:: Task brief ::
As you reproduce every line below, keep it exactly as written and leave out the images.

:: Data for review ::
────────────────────────────────────────
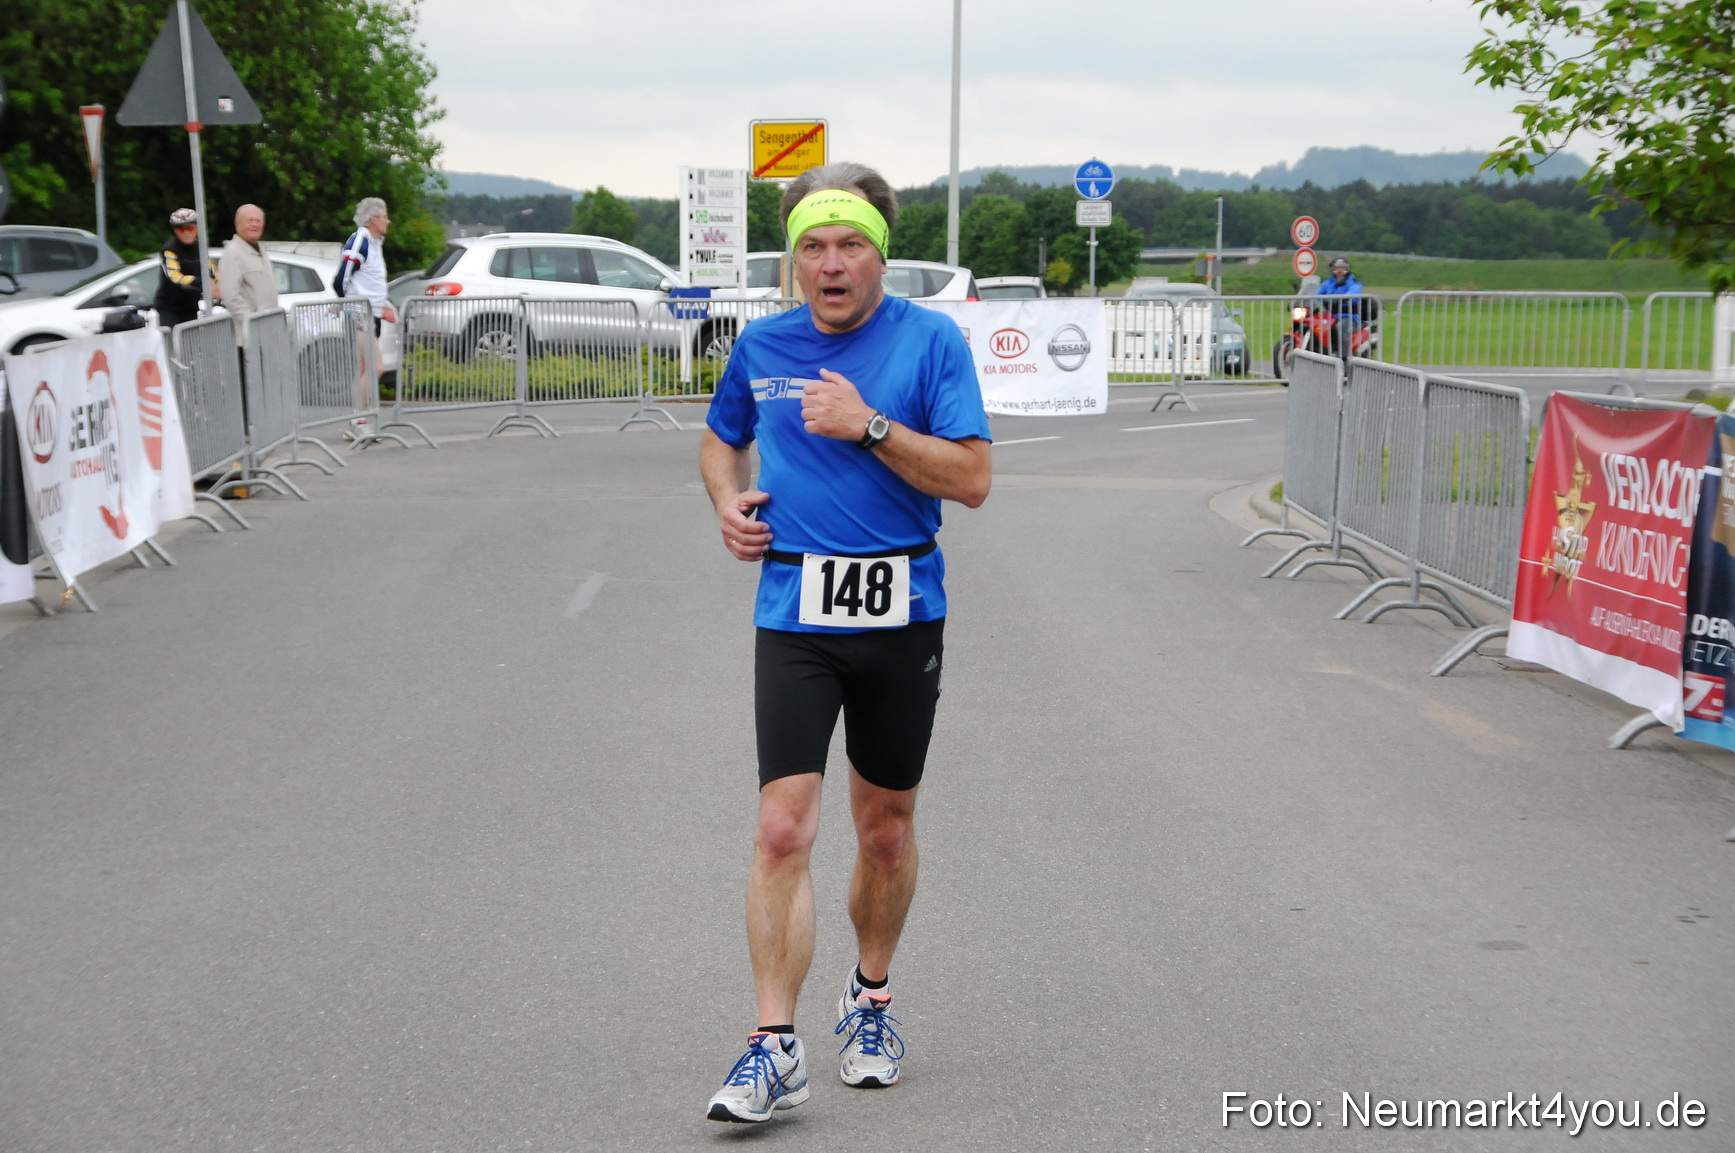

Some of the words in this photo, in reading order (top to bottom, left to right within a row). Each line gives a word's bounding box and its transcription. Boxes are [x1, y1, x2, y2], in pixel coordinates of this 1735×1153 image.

[1299, 225, 1313, 238] 60
[695, 249, 716, 264] THULE
[996, 335, 1022, 352] KIA
[1051, 343, 1087, 353] NISSAN
[983, 365, 997, 375] KIA
[999, 362, 1038, 375] MOTORS
[1001, 396, 1097, 413] www.gerhart-jaenig.de
[820, 558, 893, 617] 148
[1683, 677, 1716, 712] 7
────────────────────────────────────────
:: Solution to this task ::
Some of the words in this photo, in reading order (top to bottom, left to right within a row). Each line gives a word's bounding box and its transcription. Boxes are [x1, y1, x2, y2], in pixel coordinates of this 1735×1153 image.

[1299, 225, 1313, 238] 60
[695, 249, 716, 264] THULE
[996, 335, 1022, 352] KIA
[1051, 343, 1087, 353] NISSAN
[983, 365, 997, 375] KIA
[999, 362, 1038, 375] MOTORS
[1001, 396, 1097, 413] www.gerhart-jaenig.de
[820, 558, 893, 617] 148
[1683, 677, 1716, 712] 7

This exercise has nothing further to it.